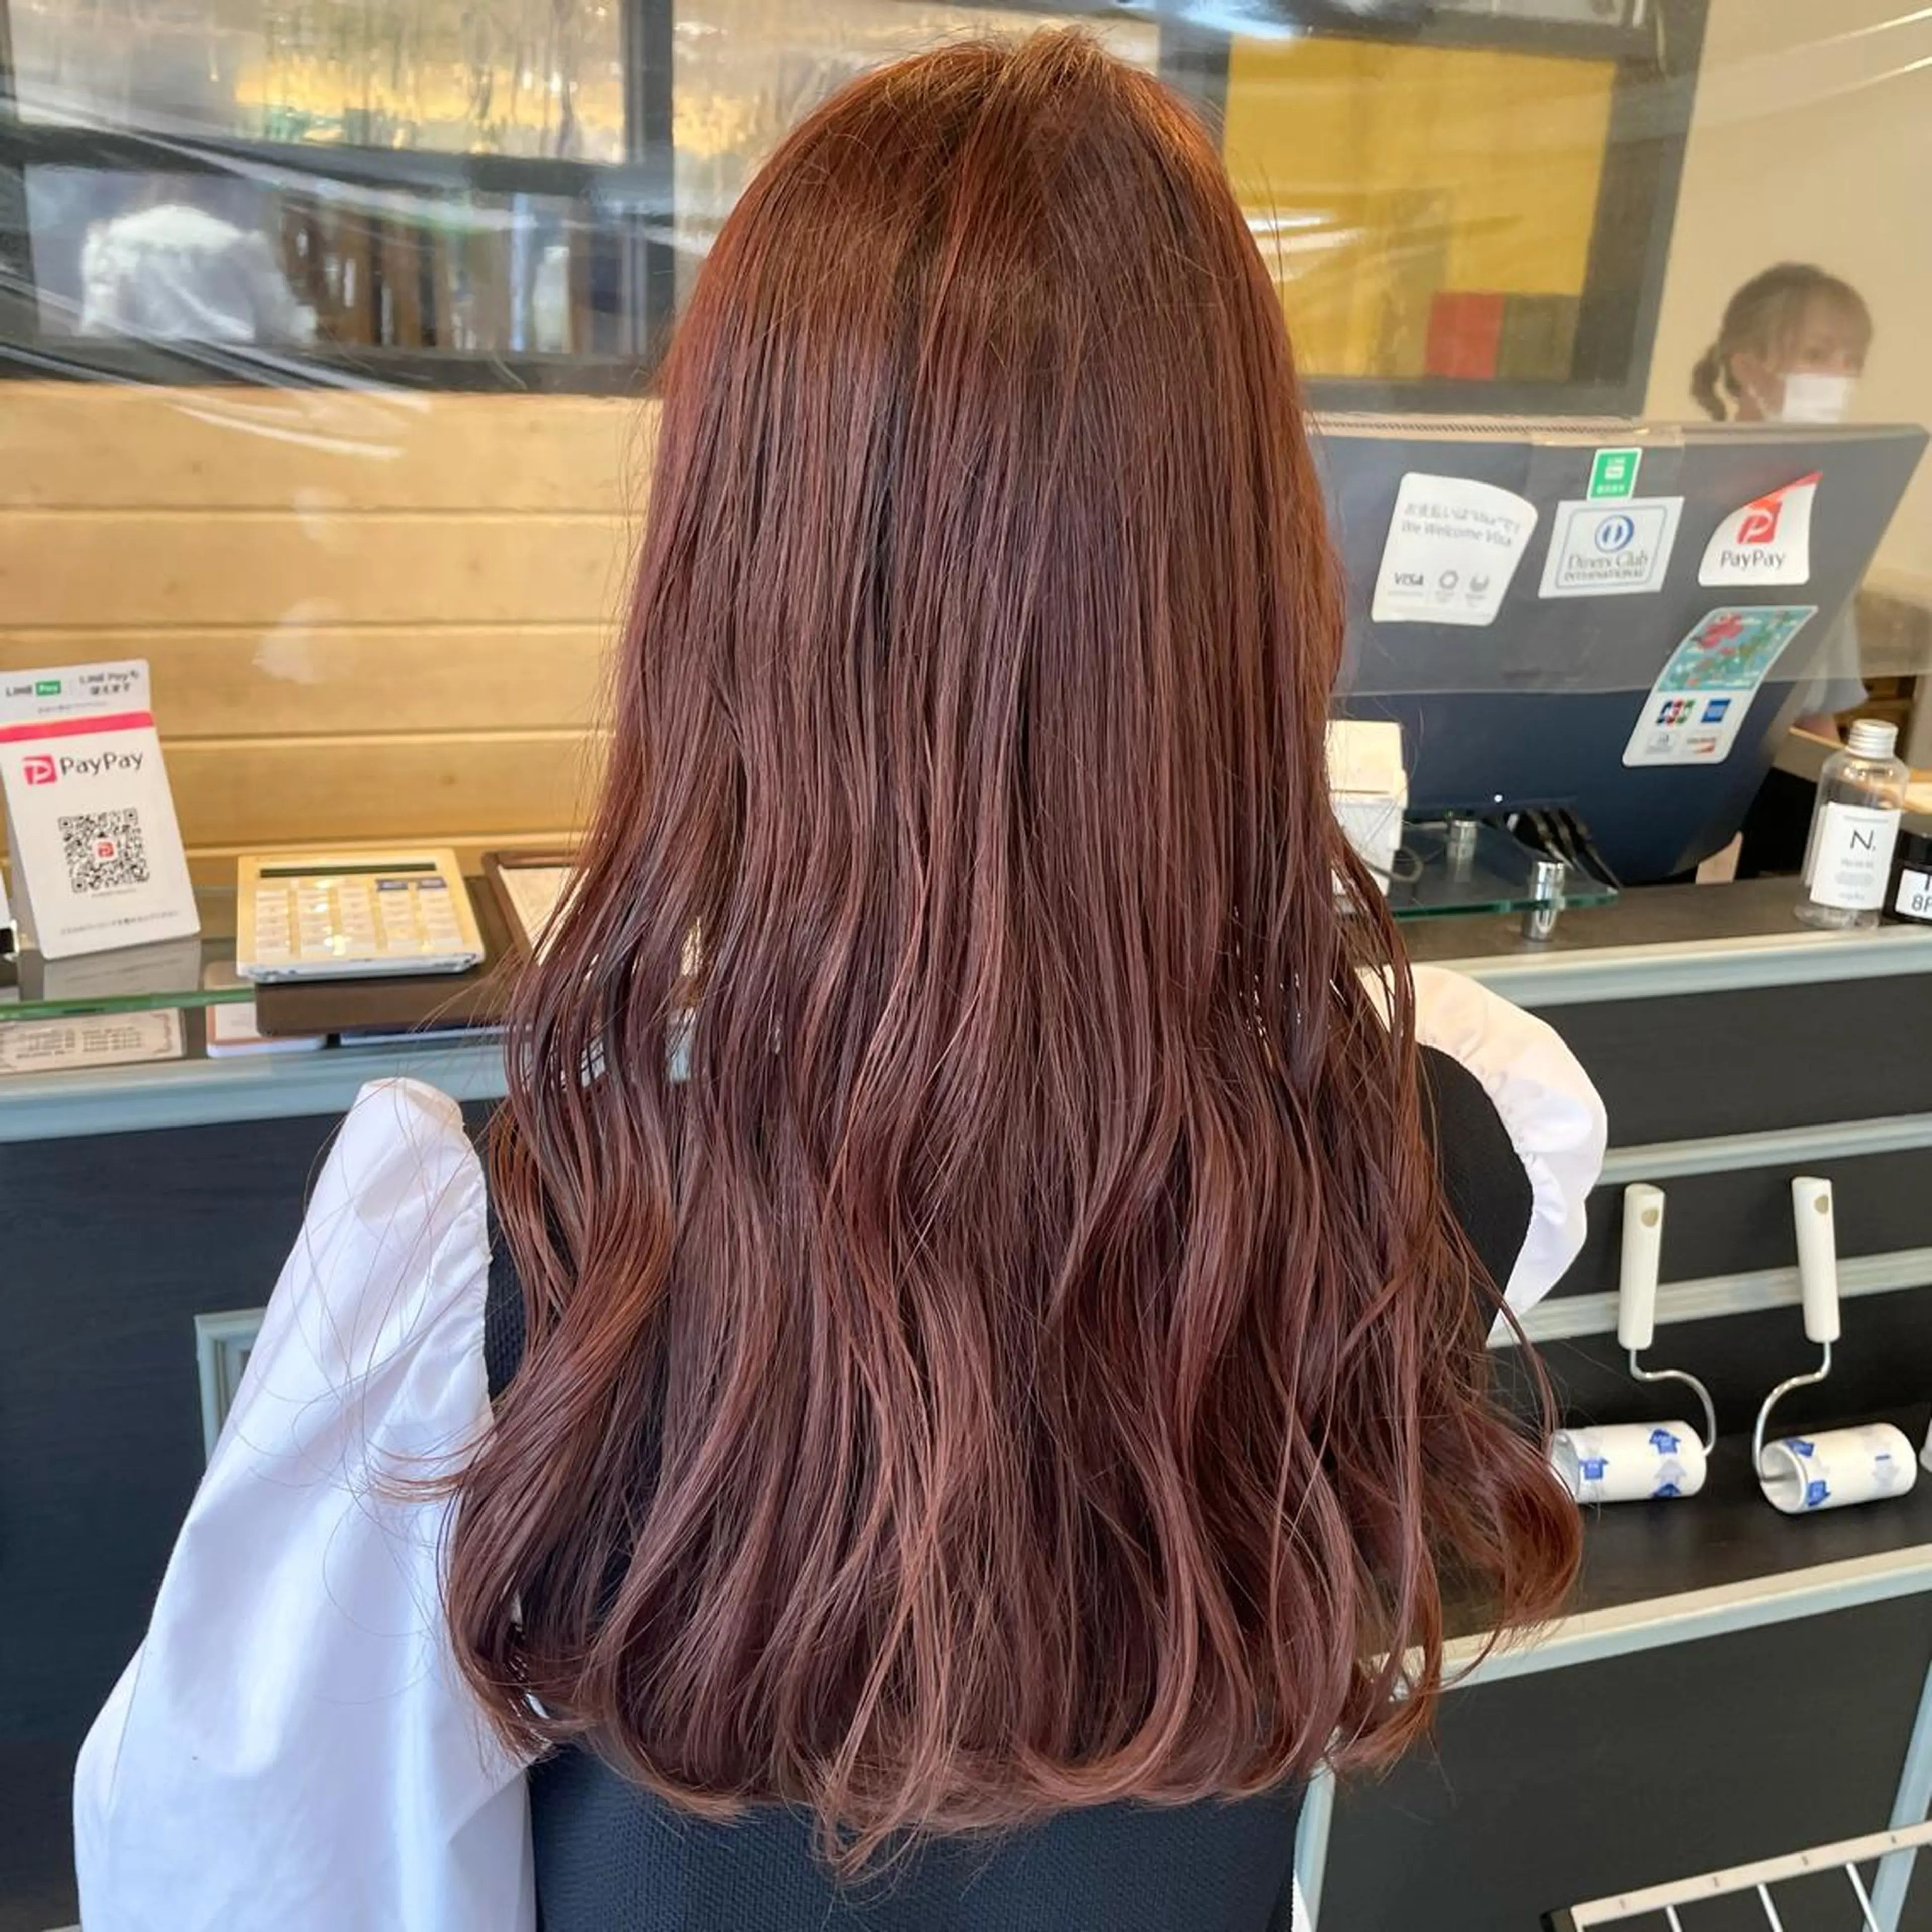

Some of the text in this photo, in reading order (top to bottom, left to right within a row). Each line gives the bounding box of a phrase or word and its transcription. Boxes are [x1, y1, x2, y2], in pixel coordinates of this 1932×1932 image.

[1569, 550, 1648, 569] Diners Club
[1720, 549, 1785, 571] PayPay
[1394, 572, 1424, 586] VISA
[60, 752, 143, 776] PayPay
[1849, 829, 1876, 851] N.

__GOAL OF THE EXERCISE__
Could you output the entire listing verbatim while omitting its pictures?

__ANSWER FOR THIS EXERCISE__
Some of the text in this photo, in reading order (top to bottom, left to right within a row). Each line gives the bounding box of a phrase or word and its transcription. Boxes are [x1, y1, x2, y2], in pixel coordinates of this 1932×1932 image.

[1569, 550, 1648, 569] Diners Club
[1720, 549, 1785, 571] PayPay
[1394, 572, 1424, 586] VISA
[60, 752, 143, 776] PayPay
[1849, 829, 1876, 851] N.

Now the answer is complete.